Summary. Achievement motivation theories explain why individuals choose to perform achievement-related behaviors. Expectancy-value theory conceptualizes motivation as the product of student expectations of success within a domain and the subjective task value that a student places on tasks within a domain. Studies of African American high school students have found that students who view themselves as efficacious in science and those who personally identify with science are more likely to persist within S&E; however, many students display low levels of intrinsic value and do not find their science courses enjoyable. However, there has been a limited amount of research done using African American samples with science domains.

The existing literature on S&E motivation in African American students has several limitations. First, there is a scarcity of motivation literature with a specific focus on S&E domains.

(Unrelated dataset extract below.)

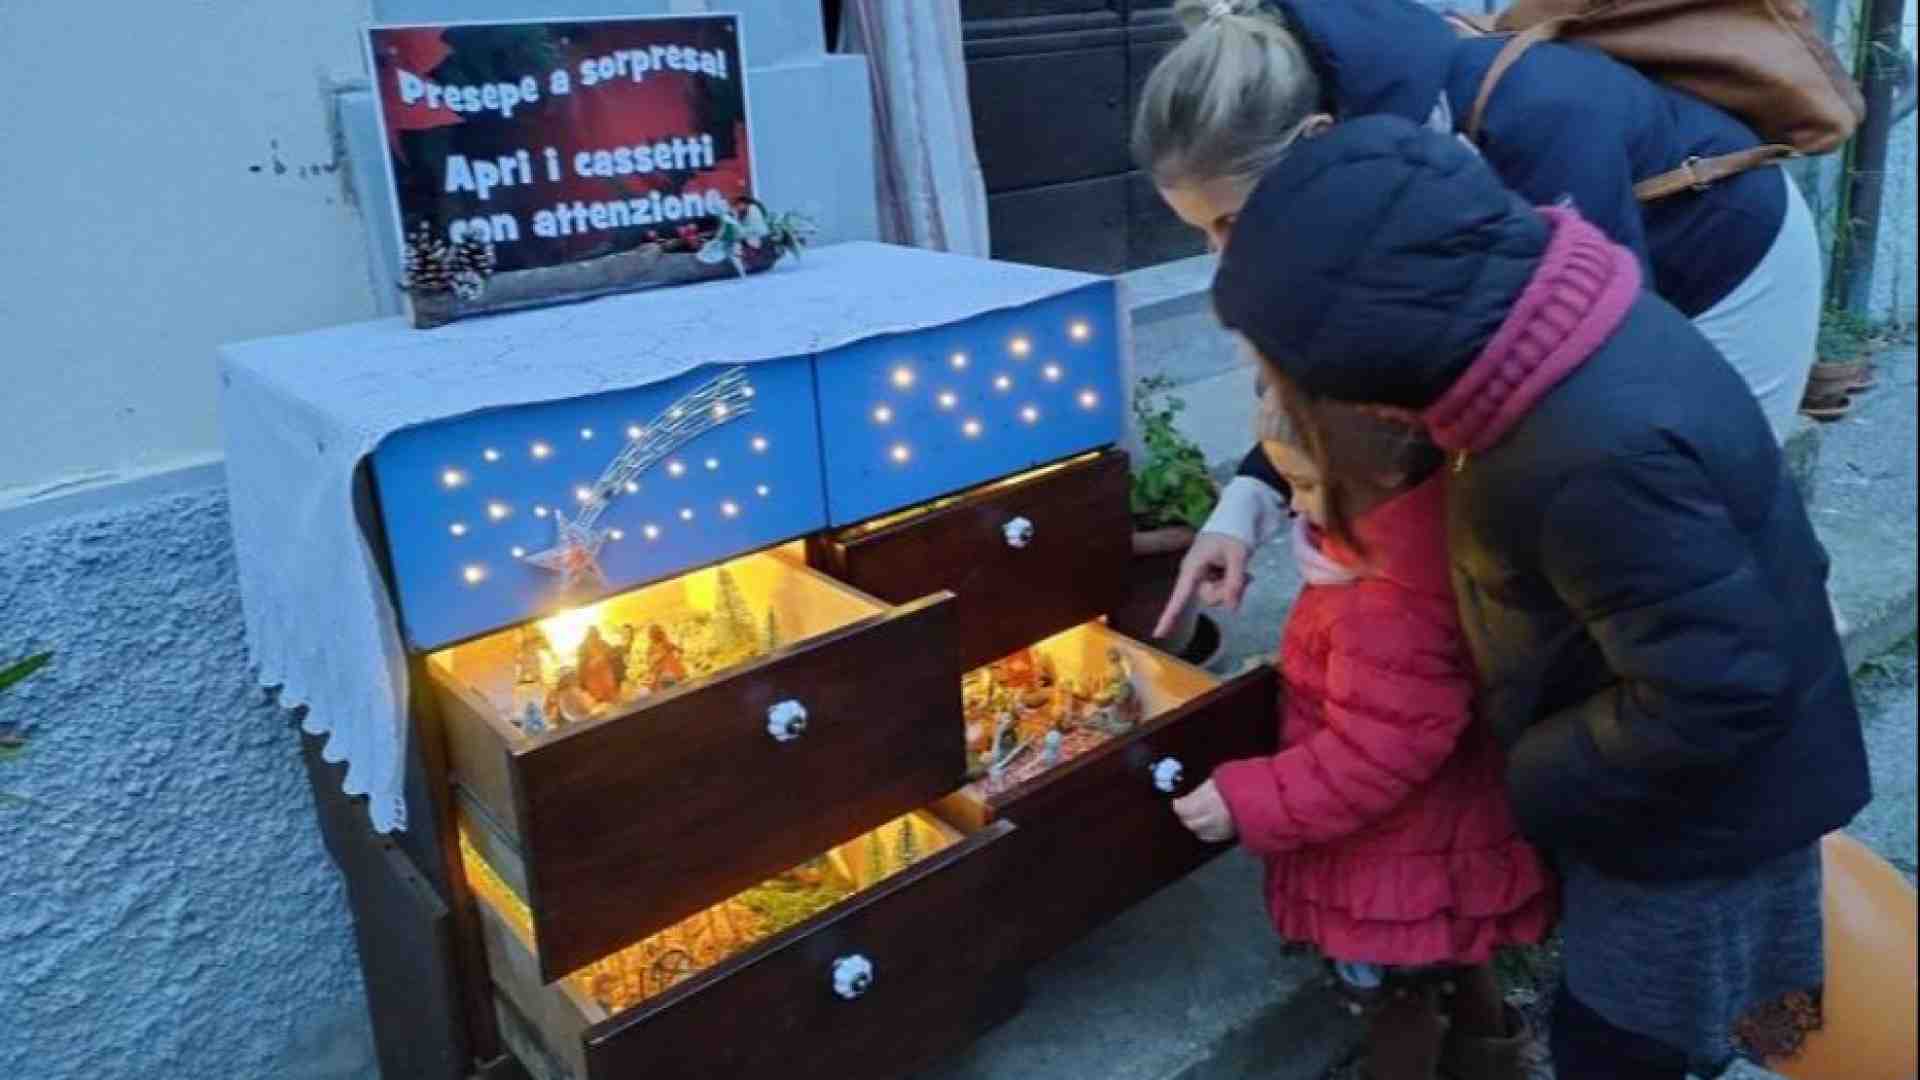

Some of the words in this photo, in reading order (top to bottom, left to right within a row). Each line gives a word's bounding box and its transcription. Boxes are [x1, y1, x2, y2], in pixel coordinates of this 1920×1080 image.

Within studies employing adolescent samples, issues such as small sample sizes (Denson & Hill, 2010) or the use of sample selection biases, e.g. students enrolled in schools specializing in STEM preparation (Austin, 2010; Quimby et al., 2007) or students identified as high-ability (Andersen & Ward, 2014) may skew the results towards specific outcomes. Further, studies on S&E motivation in African American students often utilize postsecondary samples. These samples typically include students who have decided to persist in science and engineering majors and careers (Hernandez et al., 2013). As a result, it is imperative to examine the science motivation of current African American high school student as they make choices that affect their matriculation into science and engineering majors and careers.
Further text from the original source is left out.